MAZZU : Il n’y a aucun moment où je ne pense pas au football. On n’a plus de temps pour penser à autre chose, malheureusement pour ma famille. Ce soir en rentrant, je vais regarder Bruges (l’interview a été réalisée le jour de Bruges-Leicester, ndlr), mais pas pour le plaisir. Je vais encore disséquer, dans ma tête. Mes enfants vont me parler, je ne vais pas… Voilà, on pense  » foot, foot, foot, foot.  » Les exigences sont là, les objectifs aussi. Et puis dans ma position, je viens de tellement loin que je ne peux pas me planter. Il y a des entraîneurs qui peuvent se planter, parce qu’ils ont le crédit de leur carrière de joueur, ou de dix ans de coaching en D1 : s’ils se plantent, ce ne sera pas forcément de la faute de l’entraîneur. Un gars comme moi, qui vient de l’étage inférieur, si je me plante ce sera de ma faute. Donc, je ne peux pas me planter.

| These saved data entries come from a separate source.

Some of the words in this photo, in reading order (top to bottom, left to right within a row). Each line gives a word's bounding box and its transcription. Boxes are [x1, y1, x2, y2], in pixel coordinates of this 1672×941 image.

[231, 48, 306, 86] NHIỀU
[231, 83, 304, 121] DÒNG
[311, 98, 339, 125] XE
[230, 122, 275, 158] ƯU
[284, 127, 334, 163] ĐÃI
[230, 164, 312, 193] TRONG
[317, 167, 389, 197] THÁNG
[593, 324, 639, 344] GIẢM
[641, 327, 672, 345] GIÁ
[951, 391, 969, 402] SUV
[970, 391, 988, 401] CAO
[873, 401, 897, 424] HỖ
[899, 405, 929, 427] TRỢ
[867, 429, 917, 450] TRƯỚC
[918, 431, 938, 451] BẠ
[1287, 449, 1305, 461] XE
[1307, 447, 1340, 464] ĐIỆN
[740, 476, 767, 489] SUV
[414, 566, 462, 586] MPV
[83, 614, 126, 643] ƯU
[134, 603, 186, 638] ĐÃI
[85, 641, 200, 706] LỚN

Même avec le statut que tu as acquis par ces saisons passées à Charleroi ?

MAZZU : Ce sera toujours pareil avec moi, j’en suis conscient. Ce n’est pas une plainte, c’est un constat que je fais. Si un jour je ne suis plus à Charleroi et que ça va moins bien dans mon nouveau club, on dira :  » Vous voyez, finalement ce n’était pas ça. À Charleroi ça fonctionnait parce que c’était sa ville « , etc. Mais je suis prêt à tout ça. Je sais que j’aurai moins de crédit, et donc que je dois avoir un autre discours qu’un Michel Preud’homme dans le vestiaire, parce que je ne suis personne.

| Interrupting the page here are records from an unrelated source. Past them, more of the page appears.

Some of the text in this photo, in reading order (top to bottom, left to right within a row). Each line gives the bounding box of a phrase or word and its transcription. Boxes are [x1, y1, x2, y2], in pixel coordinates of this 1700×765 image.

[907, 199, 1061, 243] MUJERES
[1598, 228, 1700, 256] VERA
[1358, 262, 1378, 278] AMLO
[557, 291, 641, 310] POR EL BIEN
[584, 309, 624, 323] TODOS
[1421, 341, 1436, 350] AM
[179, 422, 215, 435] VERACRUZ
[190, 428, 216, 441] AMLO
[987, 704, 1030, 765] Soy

Tu accordes beaucoup d’importance à la relation avec tes joueurs ? Tu veux aussi les connaître en tant qu’hommes ?

MAZZU : Je pense avoir un bon contact avec mes joueurs. Je communique beaucoup avec eux. J’essaie de connaître leur vie privée. Quand je dis connaître leur vie privée, je parle de savoir s’ils ont des besoins familiaux par rapport à leur femme ou à leurs enfants. Après, ça s’arrête là. Quand un joueur a des soucis avec sa famille, j’essaie de les aider en leur accordant des préférences, ou plus de liberté. Je parle beaucoup avec eux. Un joueur qui ne joue pas saura toujours pourquoi il ne joue pas. Même chose si un joueur est remplacé sans comprendre pourquoi, alors qu’autre chose avait été prévu.

 » LE FOOT M’A RENDU CONFIANT EN MOI  »

C’est quelque chose qui doit plaire aux joueurs…

MAZZU : Il y a eu une année – je ne vous dirai pas dans quel club – où en faisant ça, les joueurs estimaient que je me justifiais. Et que le fait de se justifier voulait dire que je n’étais pas sûr et que je tentais de camoufler. Donc il faut faire attention à ce qu’on dit, et à la manière dont on le dit.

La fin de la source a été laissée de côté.